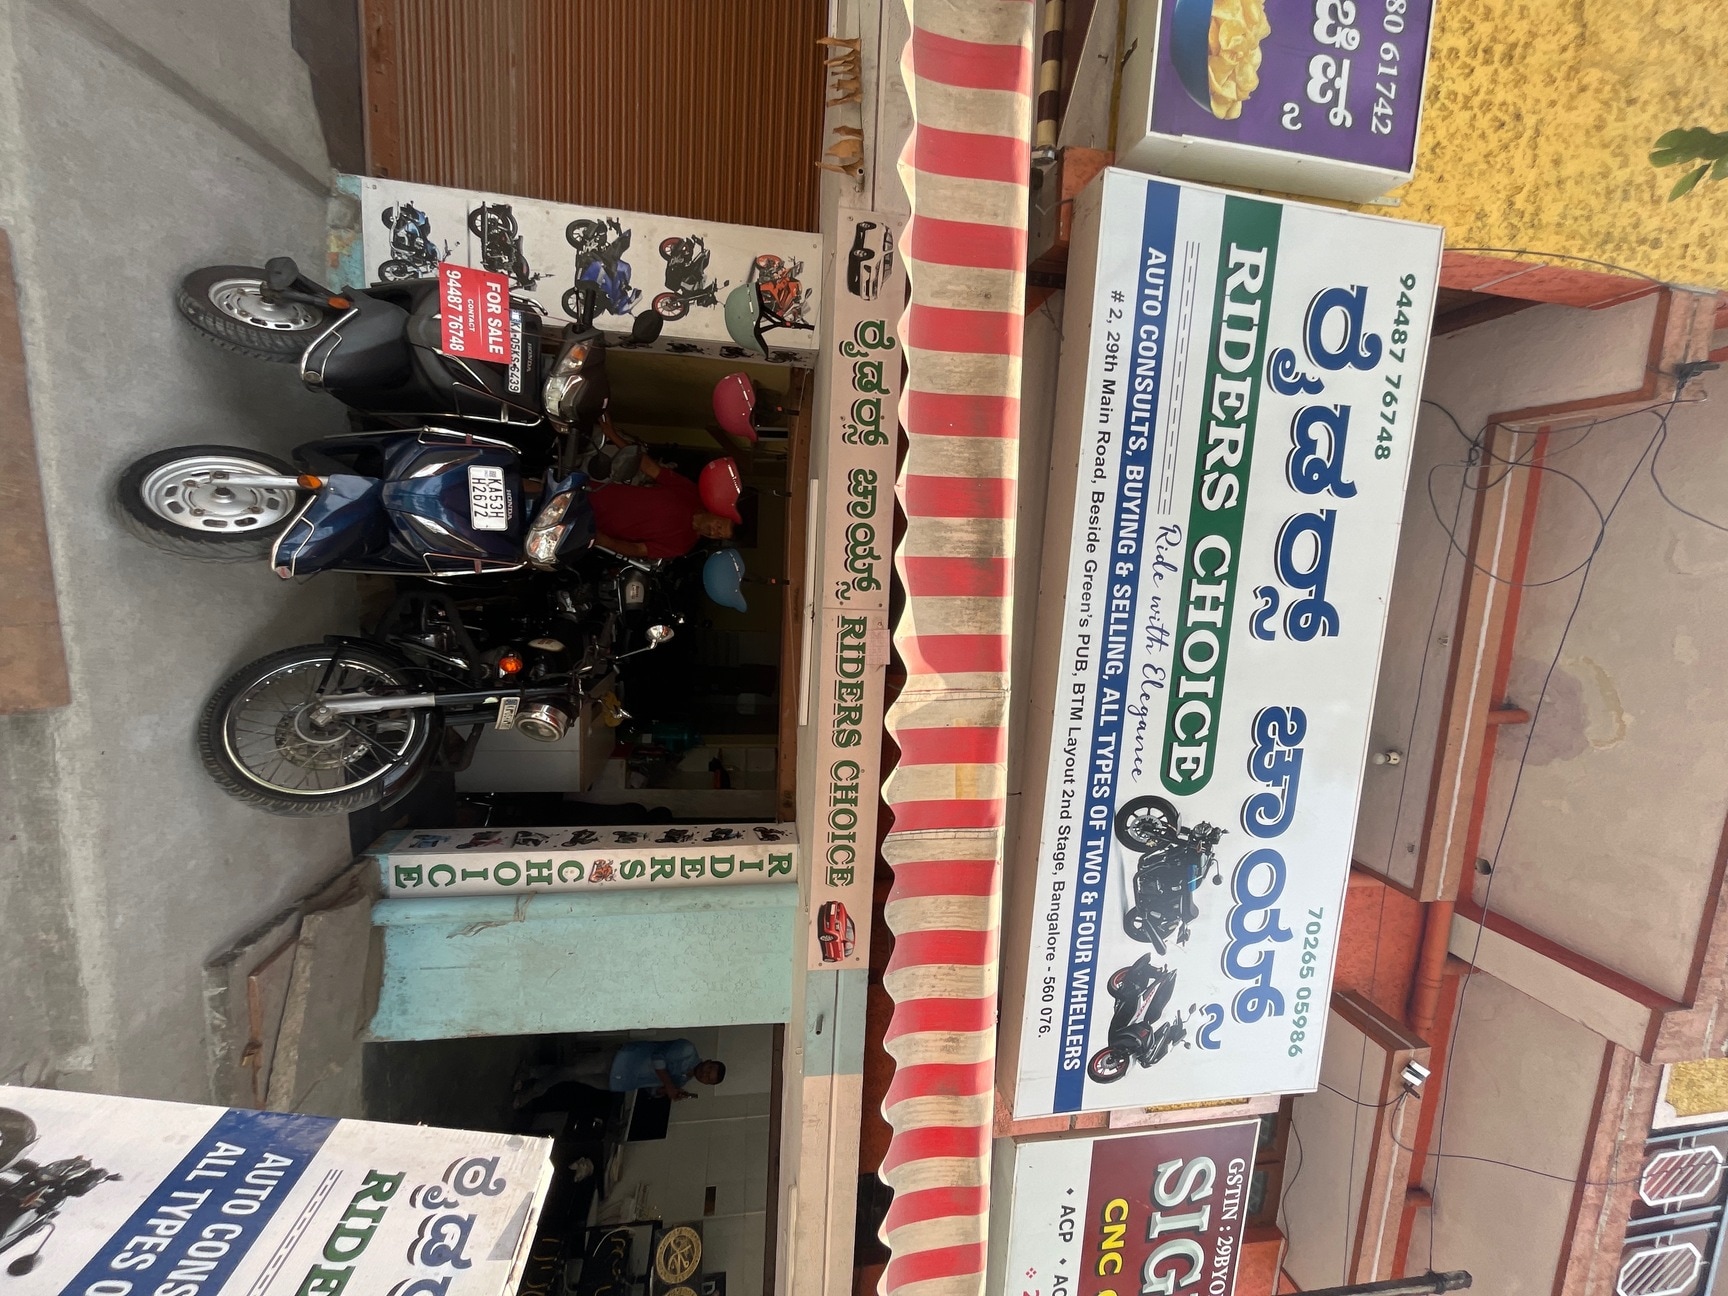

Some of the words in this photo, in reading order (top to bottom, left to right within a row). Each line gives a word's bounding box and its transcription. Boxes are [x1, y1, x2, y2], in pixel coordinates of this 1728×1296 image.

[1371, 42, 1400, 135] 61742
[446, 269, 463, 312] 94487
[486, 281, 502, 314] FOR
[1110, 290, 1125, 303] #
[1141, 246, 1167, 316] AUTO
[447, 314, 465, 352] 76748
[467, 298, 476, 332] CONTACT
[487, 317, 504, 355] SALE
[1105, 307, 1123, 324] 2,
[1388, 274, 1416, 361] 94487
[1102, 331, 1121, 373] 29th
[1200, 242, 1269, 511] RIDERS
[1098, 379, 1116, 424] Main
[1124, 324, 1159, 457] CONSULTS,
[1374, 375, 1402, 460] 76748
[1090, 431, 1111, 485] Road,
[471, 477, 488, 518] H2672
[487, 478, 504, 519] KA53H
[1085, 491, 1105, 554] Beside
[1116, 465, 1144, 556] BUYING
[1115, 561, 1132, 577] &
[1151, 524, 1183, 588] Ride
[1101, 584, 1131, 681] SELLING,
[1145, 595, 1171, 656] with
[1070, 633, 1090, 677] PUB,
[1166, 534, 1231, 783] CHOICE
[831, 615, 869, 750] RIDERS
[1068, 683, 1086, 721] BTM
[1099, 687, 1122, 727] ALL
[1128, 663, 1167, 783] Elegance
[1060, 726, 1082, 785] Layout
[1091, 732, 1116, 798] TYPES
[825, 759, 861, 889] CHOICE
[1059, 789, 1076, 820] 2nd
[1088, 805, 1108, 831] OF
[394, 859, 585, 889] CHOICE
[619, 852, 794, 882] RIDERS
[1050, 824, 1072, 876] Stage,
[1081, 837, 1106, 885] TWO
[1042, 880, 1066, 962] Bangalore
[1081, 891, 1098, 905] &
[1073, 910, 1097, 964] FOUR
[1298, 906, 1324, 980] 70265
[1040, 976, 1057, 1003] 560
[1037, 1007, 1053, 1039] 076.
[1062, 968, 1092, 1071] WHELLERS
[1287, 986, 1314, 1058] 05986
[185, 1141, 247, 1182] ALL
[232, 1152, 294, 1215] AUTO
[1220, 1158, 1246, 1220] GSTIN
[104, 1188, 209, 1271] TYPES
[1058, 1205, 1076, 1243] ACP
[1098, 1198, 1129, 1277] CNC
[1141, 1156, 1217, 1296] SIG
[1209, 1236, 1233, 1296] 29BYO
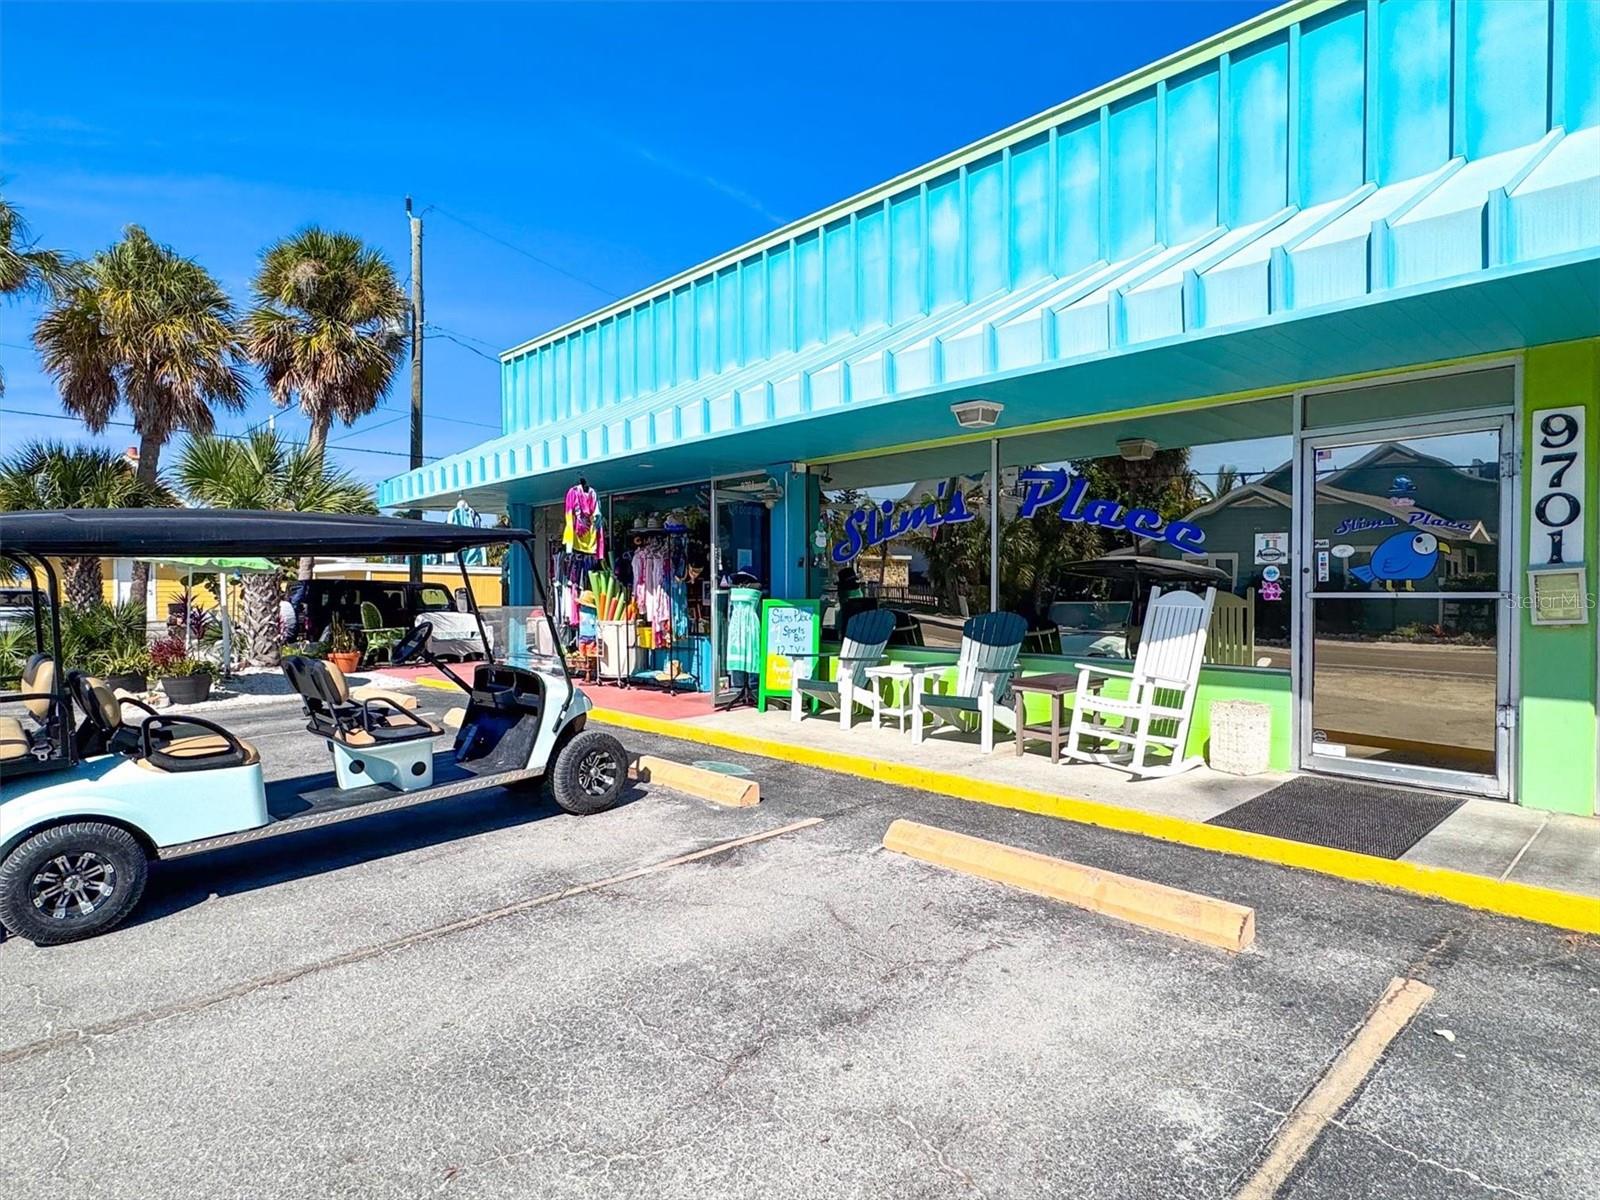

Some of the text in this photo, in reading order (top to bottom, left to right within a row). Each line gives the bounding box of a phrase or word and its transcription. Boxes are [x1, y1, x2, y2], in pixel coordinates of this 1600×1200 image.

━━━━━━━━

-- What this task involves --
Only the pictures are to be left out; the rest of the material above should be printed verbatim.

-- Answer box --
Some of the words in this photo, in reading order (top to bottom, left to right within a row). Each line gives a word's bounding box and its transcription. Boxes are [x1, y1, x2, y2], in pixel coordinates of this 1728×1296 image.

[1371, 42, 1400, 135] 61742
[446, 269, 463, 312] 94487
[486, 281, 502, 314] FOR
[1110, 290, 1125, 303] #
[1141, 246, 1167, 316] AUTO
[447, 314, 465, 352] 76748
[467, 298, 476, 332] CONTACT
[487, 317, 504, 355] SALE
[1105, 307, 1123, 324] 2,
[1388, 274, 1416, 361] 94487
[1102, 331, 1121, 373] 29th
[1200, 242, 1269, 511] RIDERS
[1098, 379, 1116, 424] Main
[1124, 324, 1159, 457] CONSULTS,
[1374, 375, 1402, 460] 76748
[1090, 431, 1111, 485] Road,
[471, 477, 488, 518] H2672
[487, 478, 504, 519] KA53H
[1085, 491, 1105, 554] Beside
[1116, 465, 1144, 556] BUYING
[1115, 561, 1132, 577] &
[1151, 524, 1183, 588] Ride
[1101, 584, 1131, 681] SELLING,
[1145, 595, 1171, 656] with
[1070, 633, 1090, 677] PUB,
[1166, 534, 1231, 783] CHOICE
[831, 615, 869, 750] RIDERS
[1068, 683, 1086, 721] BTM
[1099, 687, 1122, 727] ALL
[1128, 663, 1167, 783] Elegance
[1060, 726, 1082, 785] Layout
[1091, 732, 1116, 798] TYPES
[825, 759, 861, 889] CHOICE
[1059, 789, 1076, 820] 2nd
[1088, 805, 1108, 831] OF
[394, 859, 585, 889] CHOICE
[619, 852, 794, 882] RIDERS
[1050, 824, 1072, 876] Stage,
[1081, 837, 1106, 885] TWO
[1042, 880, 1066, 962] Bangalore
[1081, 891, 1098, 905] &
[1073, 910, 1097, 964] FOUR
[1298, 906, 1324, 980] 70265
[1040, 976, 1057, 1003] 560
[1037, 1007, 1053, 1039] 076.
[1062, 968, 1092, 1071] WHELLERS
[1287, 986, 1314, 1058] 05986
[185, 1141, 247, 1182] ALL
[232, 1152, 294, 1215] AUTO
[1220, 1158, 1246, 1220] GSTIN
[104, 1188, 209, 1271] TYPES
[1058, 1205, 1076, 1243] ACP
[1098, 1198, 1129, 1277] CNC
[1141, 1156, 1217, 1296] SIG
[1209, 1236, 1233, 1296] 29BYO

Some of the text in this photo, in reading order (top to bottom, left to right within a row). Each line gives the bounding box of a phrase or word and its transcription. Boxes are [x1, y1, x2, y2], in pixel coordinates of this 1600×1200 image.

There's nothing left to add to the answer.